Obtained Gly-Gly-L-Phe-L-Leu.

Comparative Example 1 In order to clarify the effects observed in the method of the present invention in the water-ethyl acetate two-phase system shown in Example 1 above, the following comparative method in an aqueous phase system was carried out.

That is, 1/20M MES-NaOH saturated with ethyl acetate.
buffer (PH) 5.4), each with a final concentration of 20mM.
Each substrate (Z-Gly-Gly and L-Leu
-L-PheOEt) was added and dissolved, and the same enzyme (0.1%) used in Example 1 was added to this aqueous solution, and an enzyme reaction was carried out in the aqueous solution under the same conditions.

The reaction solution was sampled over time and subjected to high performance liquid chromatography under the same conditions as in Example 1, and the amount of product was quantified. The results are shown in FIG.

As is clear from Figure 2, in the reaction in aqueous solution, the yield of the target product is only 7.5% (see curve 1).
On the other hand, as a by-product, the pentapeptide Z-Gly-Gly-L-Phe-L-Phe-L-
LeuOEt is approximately 15% (shown as curve 2 in the figure) and Z-Gly-Gly-L, which is a higher molecular weight peptide
-Phe-L-Phe-L-Phe-L-LeuOEt is about 10
% (shown as curve (3) in the figure) was also confirmed to be generated.

Example 2 In Example 1, the final concentration of Z-Gly-Gly was
15mM, final concentration of L-Phe-L-LeuOEt
The reaction was carried out in the same manner in an emulsion state at 5 mM, organic phase volume/aqueous phase volume ratio of 10/1, aqueous phase enzyme concentration of 2%, and aqueous phase PH of 4.5.

As a result, the desired product was produced with a high yield of about 82%.

As described above, it can be seen that the enzyme reaction in the water-ethyl acetate two-phase system of the present invention can improve the yield of the target product.
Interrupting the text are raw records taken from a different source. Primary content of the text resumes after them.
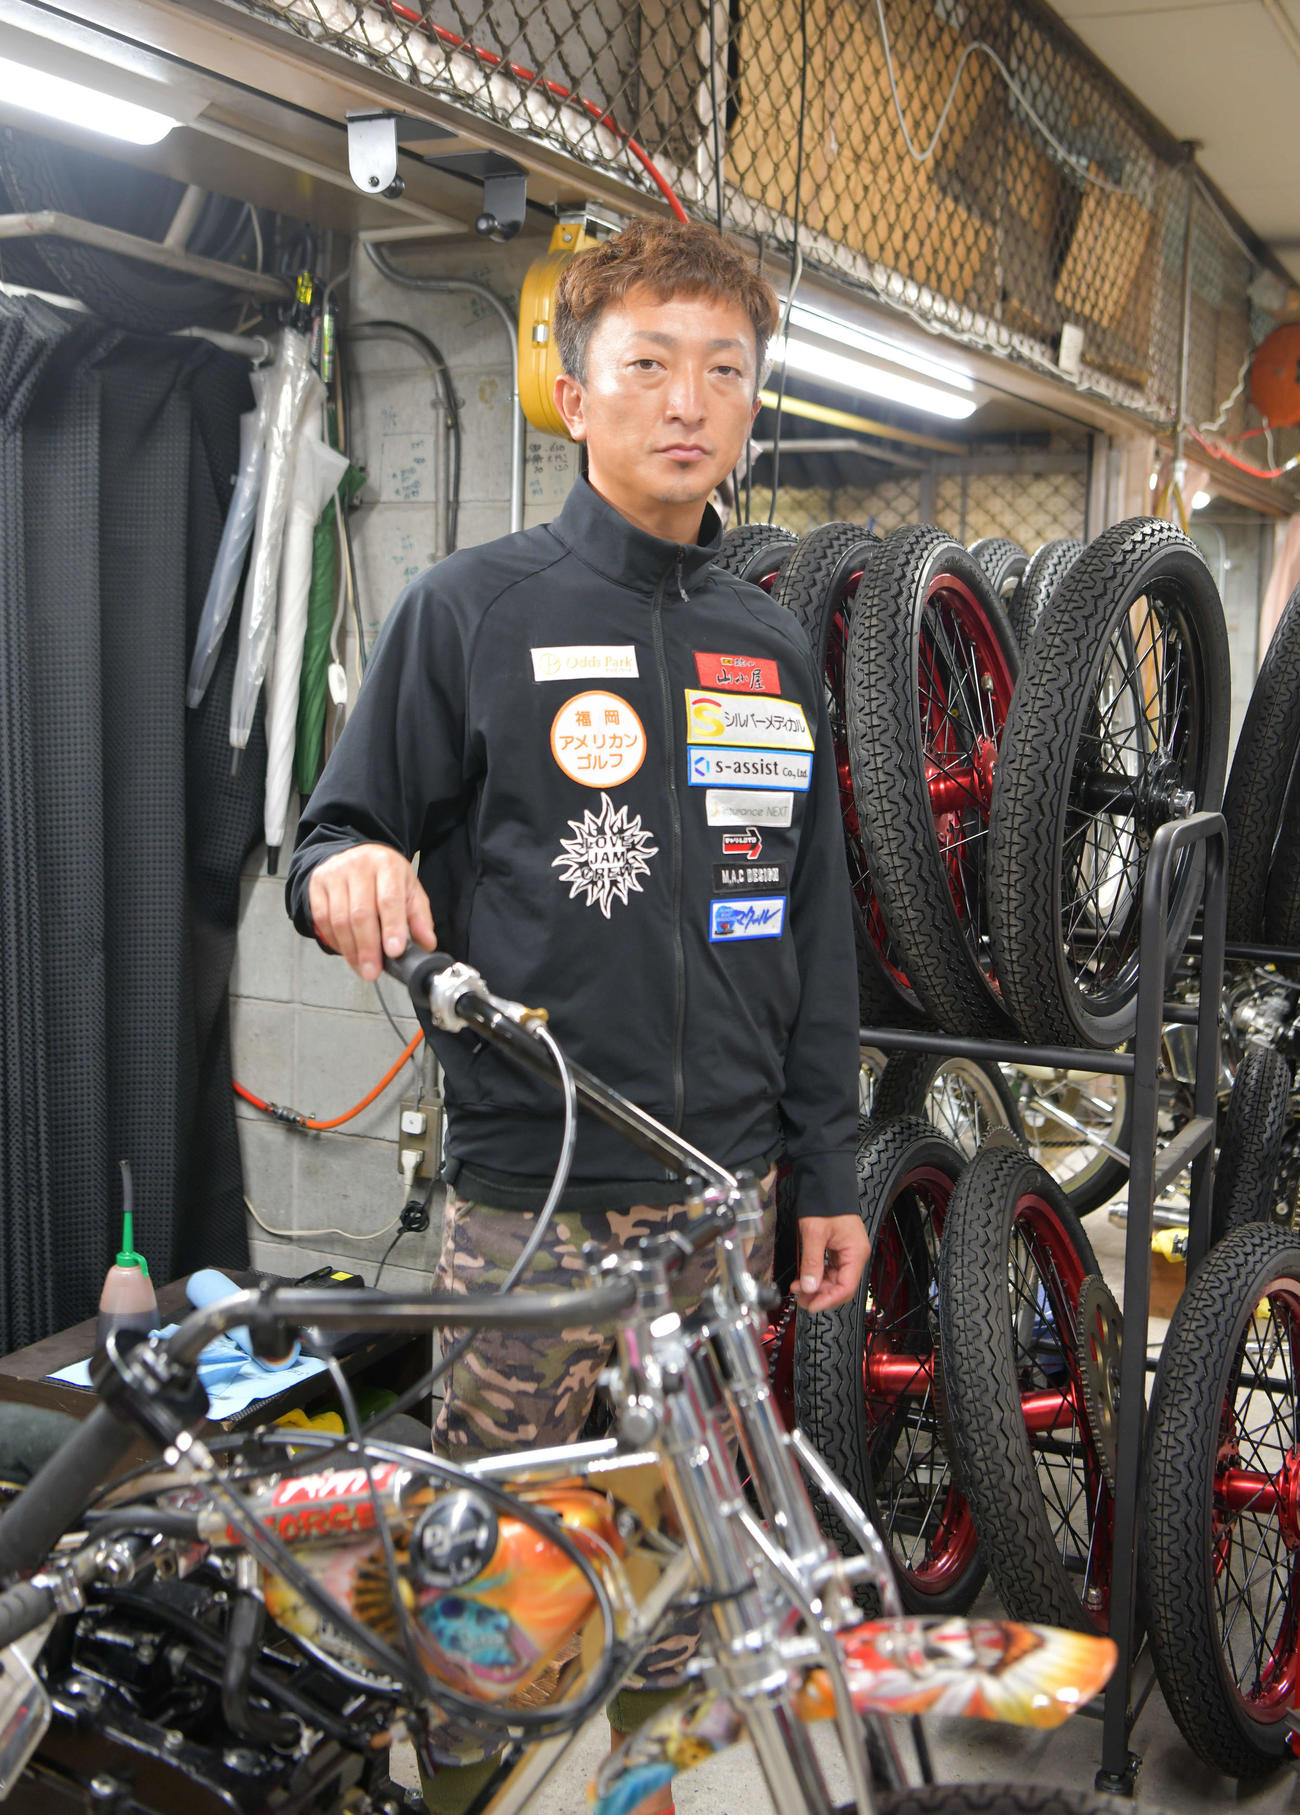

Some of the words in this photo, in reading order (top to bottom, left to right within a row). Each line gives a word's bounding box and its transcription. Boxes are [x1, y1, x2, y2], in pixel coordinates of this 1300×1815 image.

[604, 655, 633, 668] Park
[715, 665, 766, 691] 山小屋
[575, 709, 621, 727] 福岡
[724, 710, 806, 733] シルバーメディカル
[559, 733, 638, 751] アメリカン
[576, 753, 624, 771] ゴルフ
[715, 758, 779, 776] s-assist
[767, 805, 791, 817] NEXT
[582, 834, 632, 851] LOVE
[589, 851, 627, 865] JAM
[580, 864, 634, 881] CREW
[746, 867, 780, 883] DESIGN
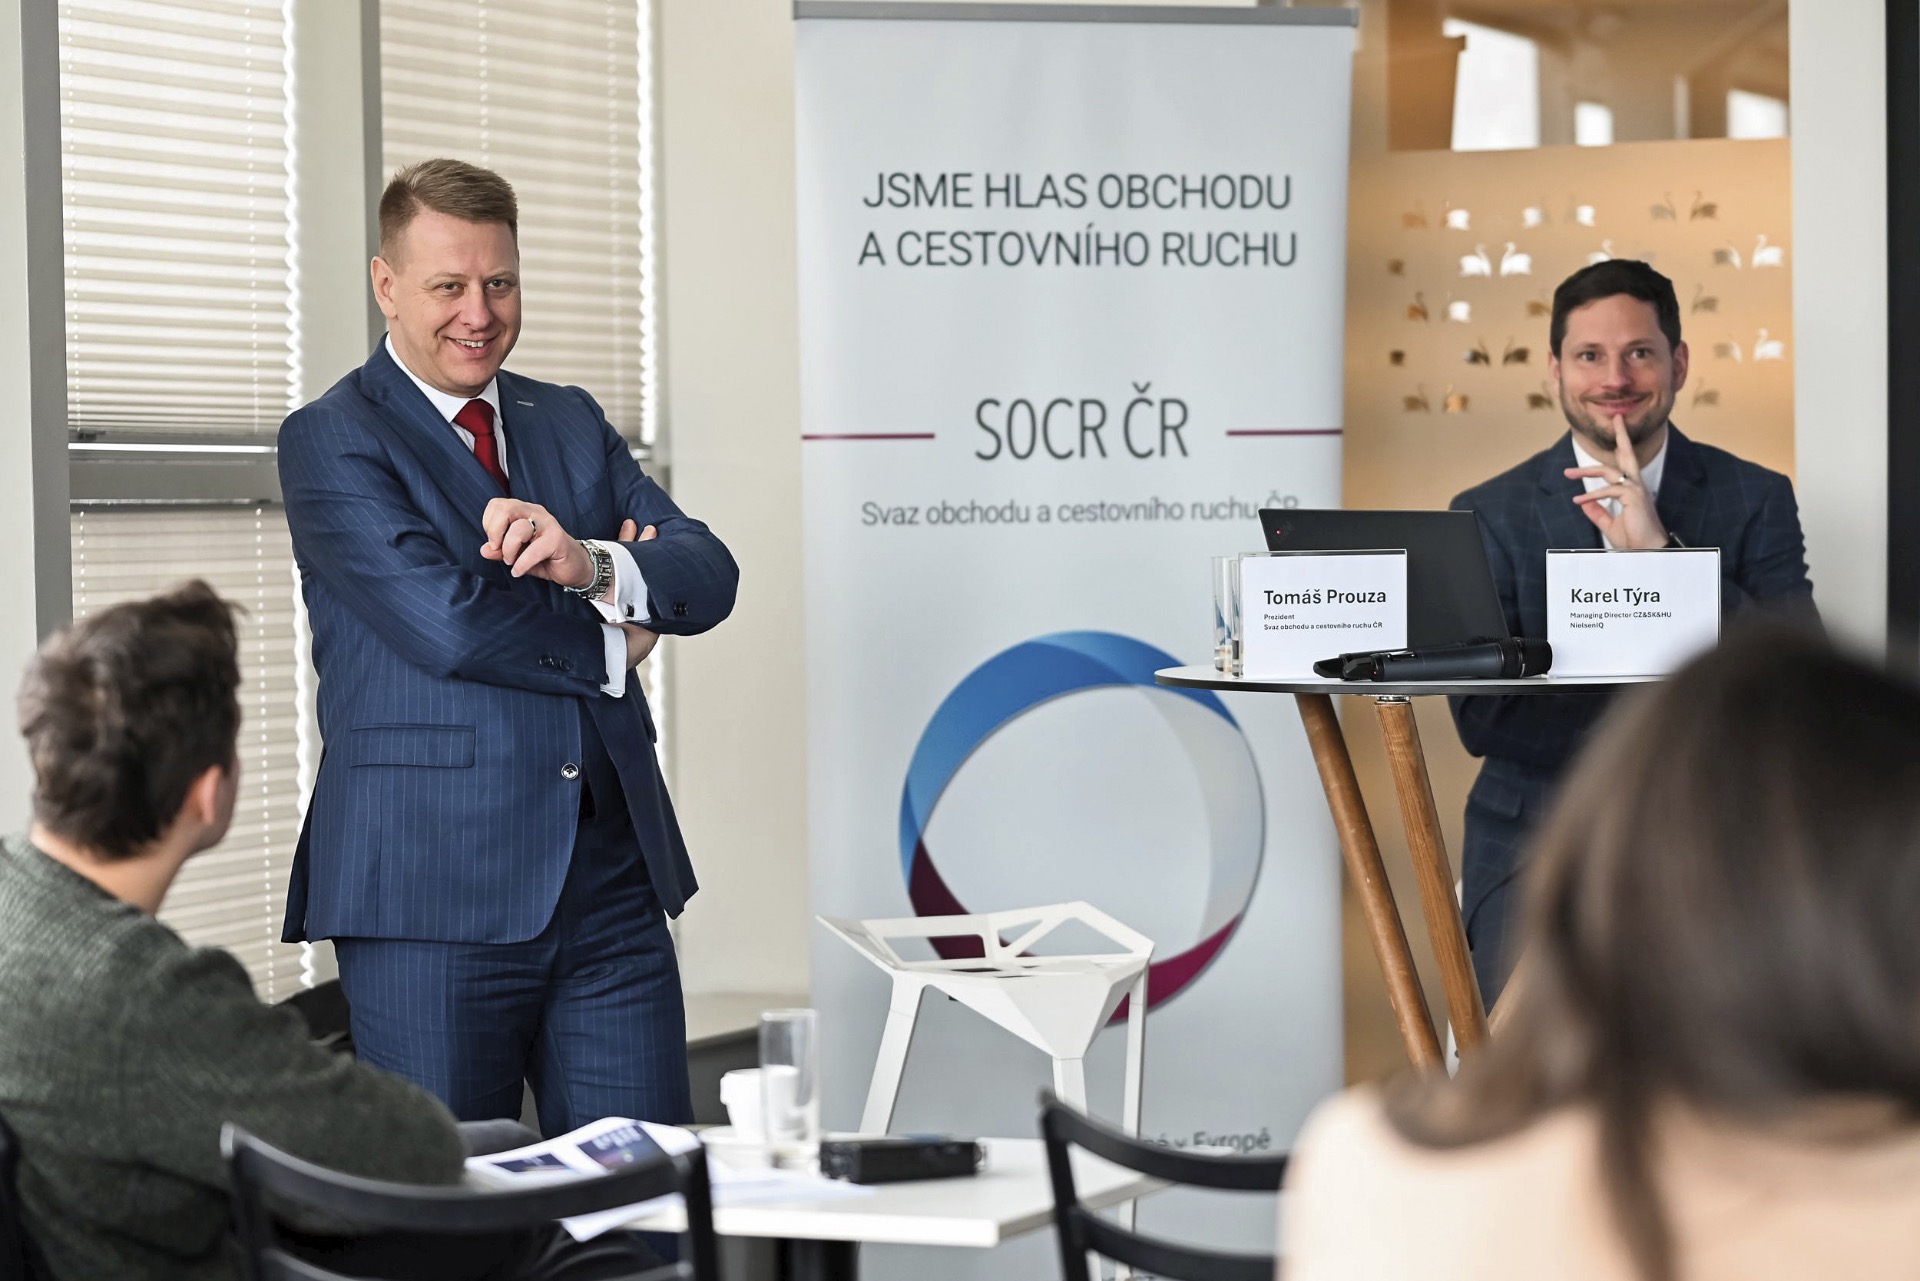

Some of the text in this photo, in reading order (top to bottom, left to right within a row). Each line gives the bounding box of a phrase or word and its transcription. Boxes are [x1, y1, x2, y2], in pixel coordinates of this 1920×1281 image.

[862, 172, 1293, 210] JSME HLAS OBCHODU
[857, 222, 1298, 268] A CESTOVNÍHO RUCHU
[974, 381, 1190, 462] SOCR ČR
[861, 501, 920, 527] Svaz
[925, 498, 1031, 526] obchodu
[1036, 504, 1052, 524] a
[1057, 495, 1186, 524] cestovního
[1190, 495, 1259, 522] ruchu
[1263, 588, 1387, 605] Tomáš Prouza
[1571, 587, 1661, 607] Karel Týra
[1263, 613, 1295, 621] Prezident
[1569, 612, 1603, 620] Managing
[1603, 611, 1632, 619] Director
[1263, 623, 1279, 631] Svaz
[1315, 622, 1352, 630] cestovního
[1372, 620, 1383, 629] ČR
[1569, 621, 1605, 630] NielsenIQ
Depending on the selection of reaction conditions, approximately
The desired product can be synthesized with a high yield of around 90%.

[Brief explanation of the drawing]

FIG. 1 is a graph showing the relationship between reaction time and yield in the method shown in Example 1, and FIG. 2 is the same graph in the method shown in Comparative Example 1.

Claims (1)

[Claims] 1. A method for producing an oligopeptide, which comprises carrying out a condensation reaction of N-substituted glycyl-glycine and phenylalanyl-leucyl alkyl ester in a water-ethyl acetate two-phase system using a Bacillus metalloprotease.